It wasn’t really all that long ago, was it? How about the “unity” we all felt after the 9/11/01 Islamic terrorist attacks? What about economic prosperity and Bill Clinton’s declaration that the “Era of Big Government [was] over”?


These were mile markers on the road to the “contempt paradox” that Harris wrote about in his piece on Trump. The contempt that Trump brought to the surface was for all of the politicians who’d promised and promised and promised for years but then compromised and compromised and compromised their way into allowing Big Government’s tentacles to take over our lives. We’re seeing it now in the gargantuan national debt, the remnants of stupid COVID policy and in elementary school classrooms, where parents are battling the establishment for control over their kids’ lives.

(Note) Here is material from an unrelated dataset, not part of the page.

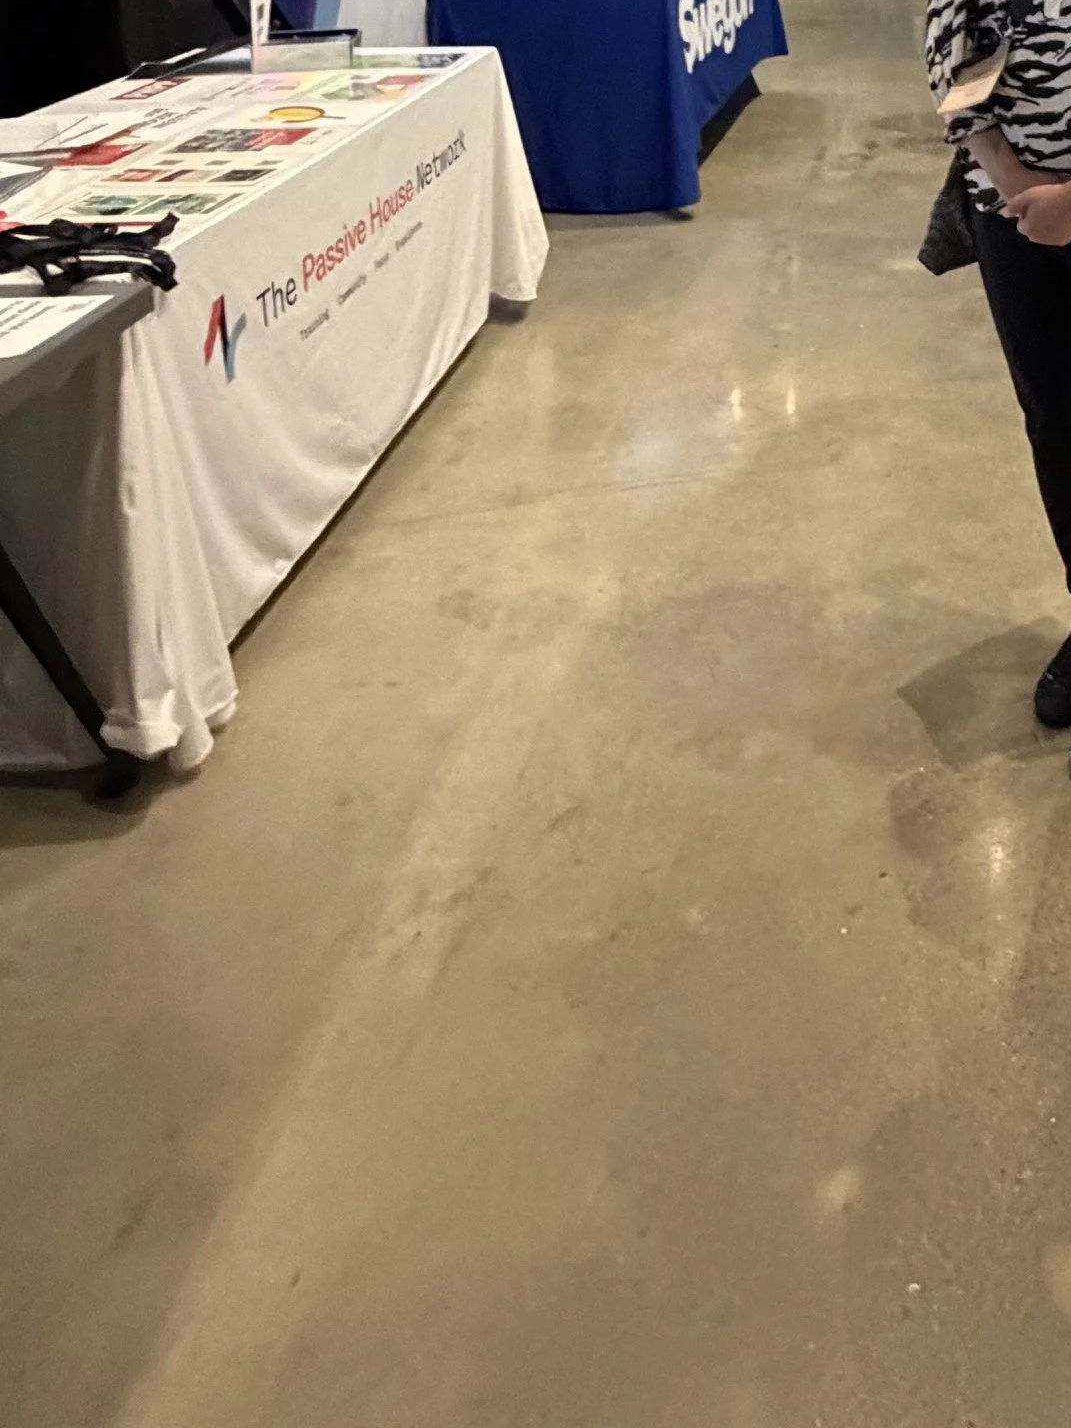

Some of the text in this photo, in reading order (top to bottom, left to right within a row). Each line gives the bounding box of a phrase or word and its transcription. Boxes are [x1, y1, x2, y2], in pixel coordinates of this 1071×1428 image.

[256, 278, 297, 327] The
[302, 220, 366, 292] Passive
[369, 180, 414, 234] House
[416, 128, 467, 193] Network
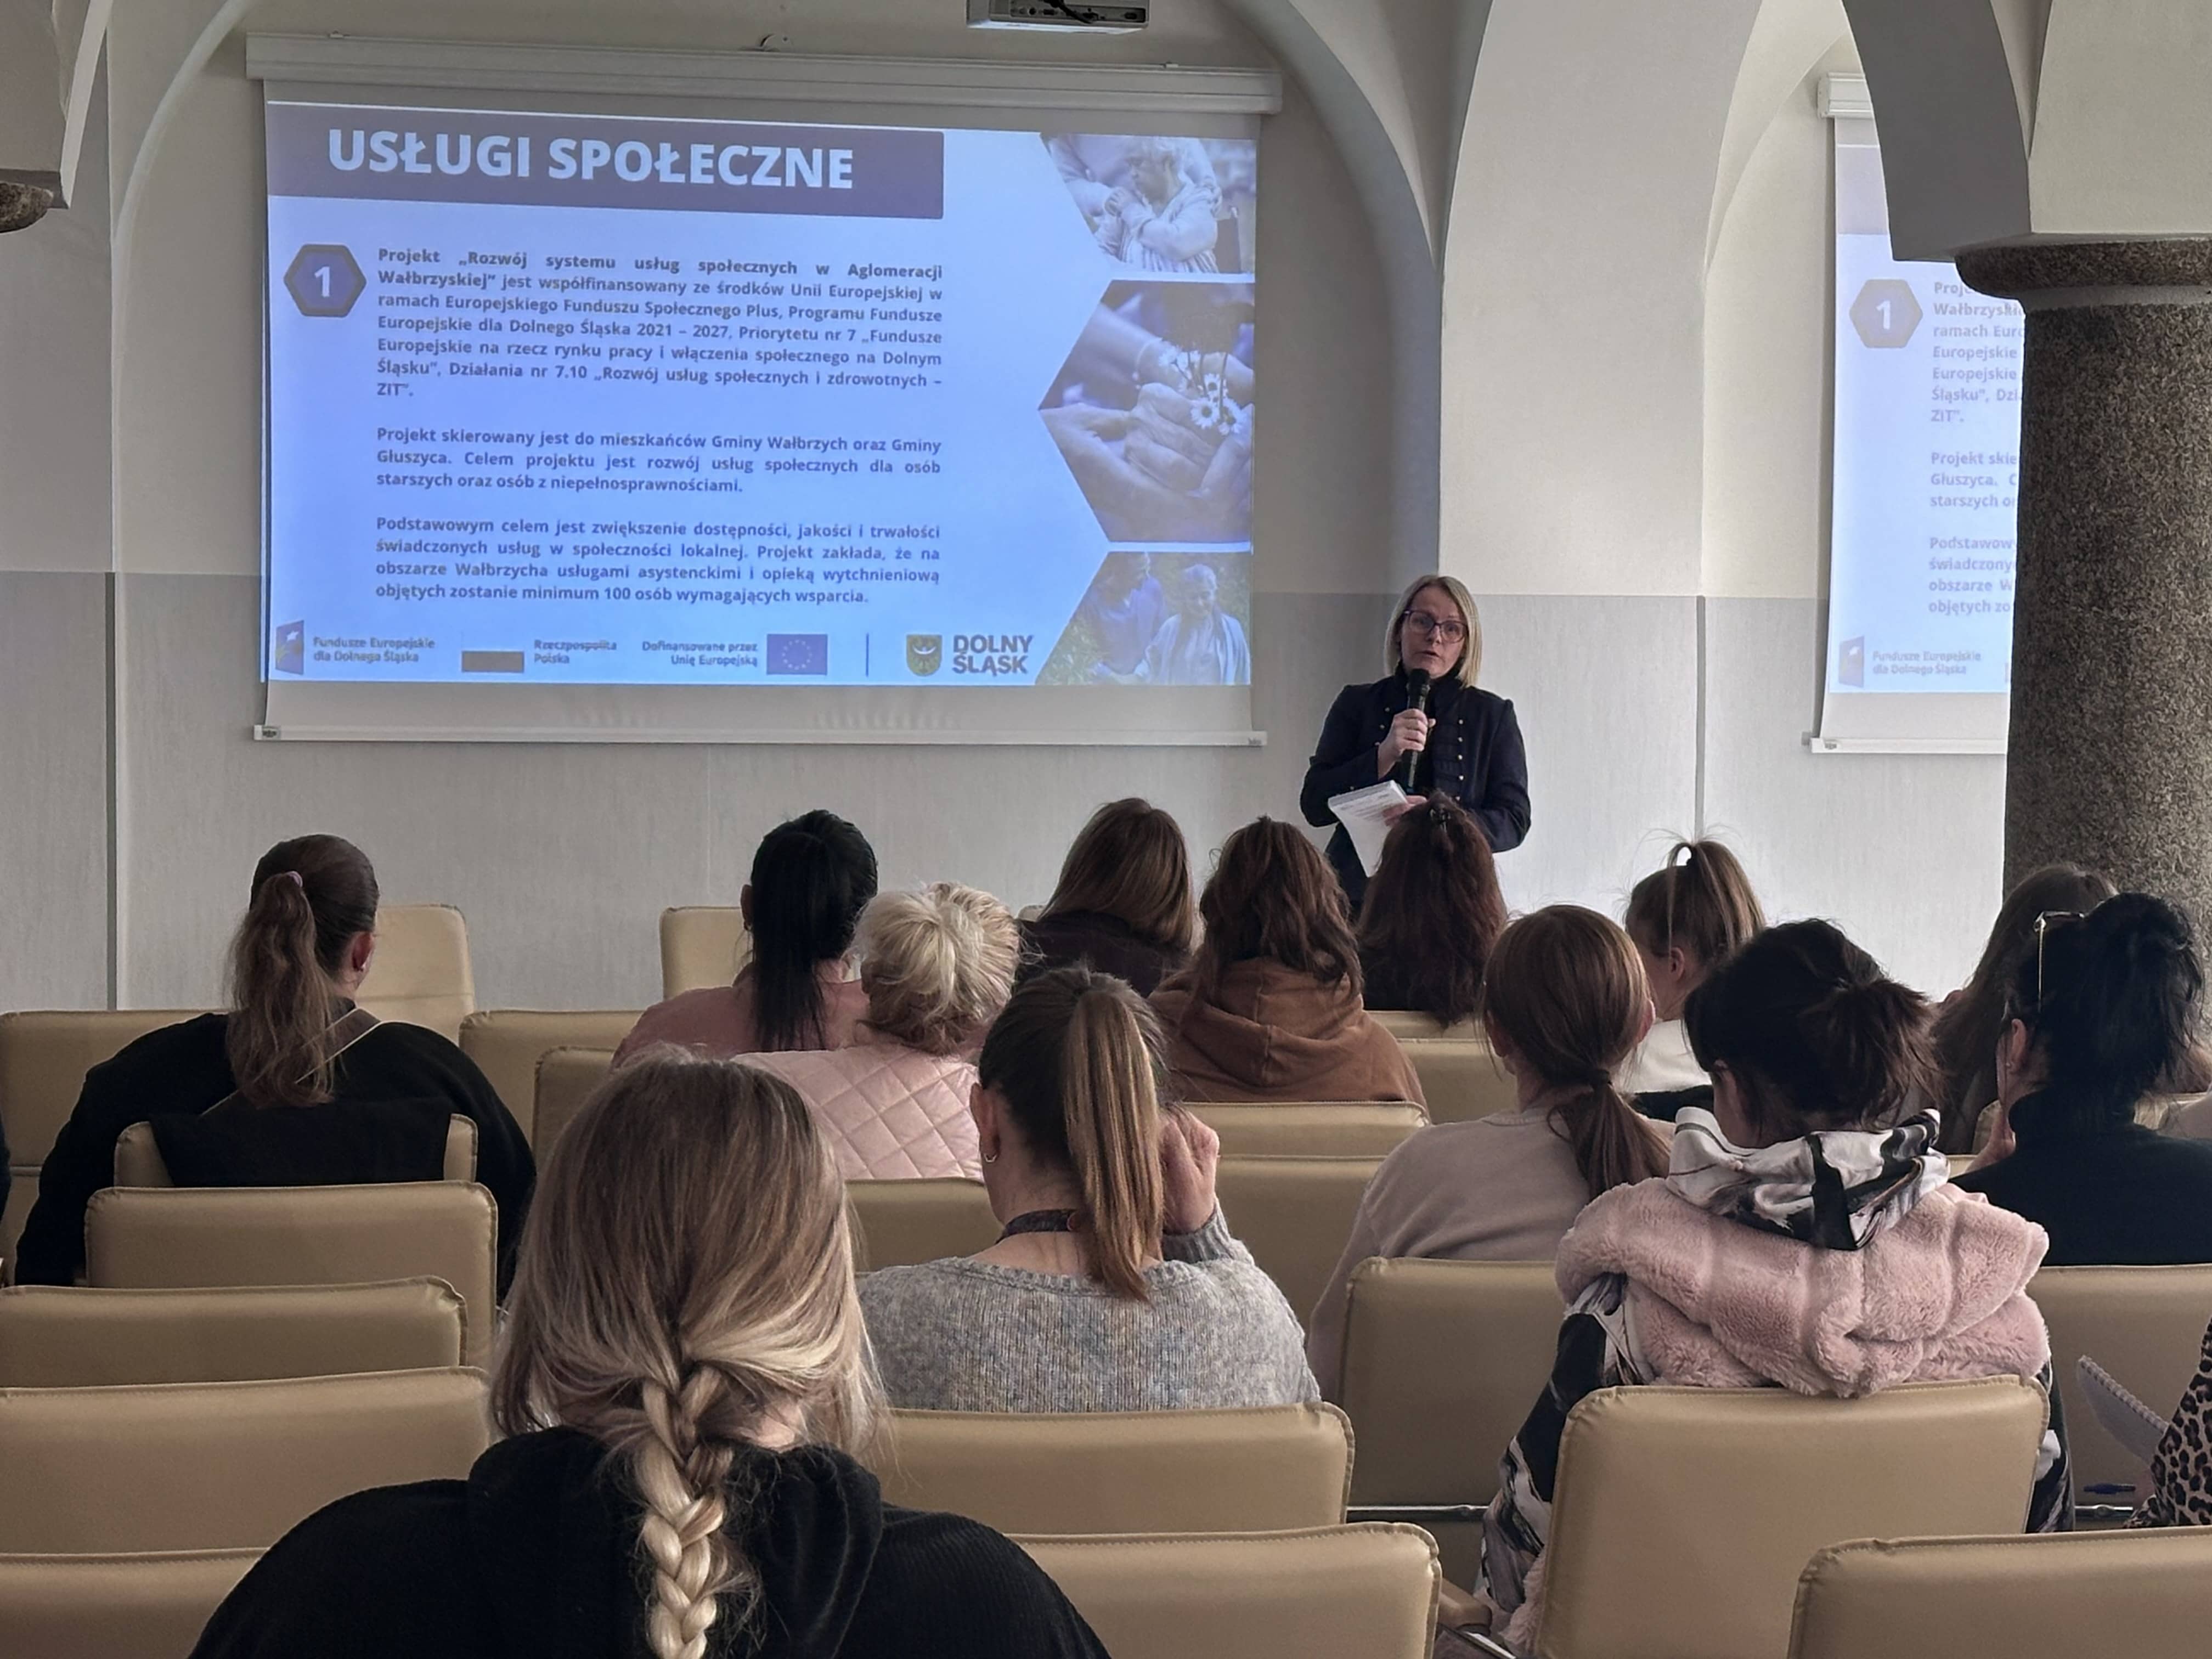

Citizen contempt for and suspicion of those in power is a good thing. It keeps the ruling class on their toes.


As capable as Donald Trump is in steering the media narrative, it wasn’t Trump who created all these issues and problems for him to propose policy solutions to. Donald Trump didn’t break the immigration system. Donald Trump didn’t wreck the economy. Donald Trump didn’t stomp all over religious freedom, traditional values and Second Amendment rights.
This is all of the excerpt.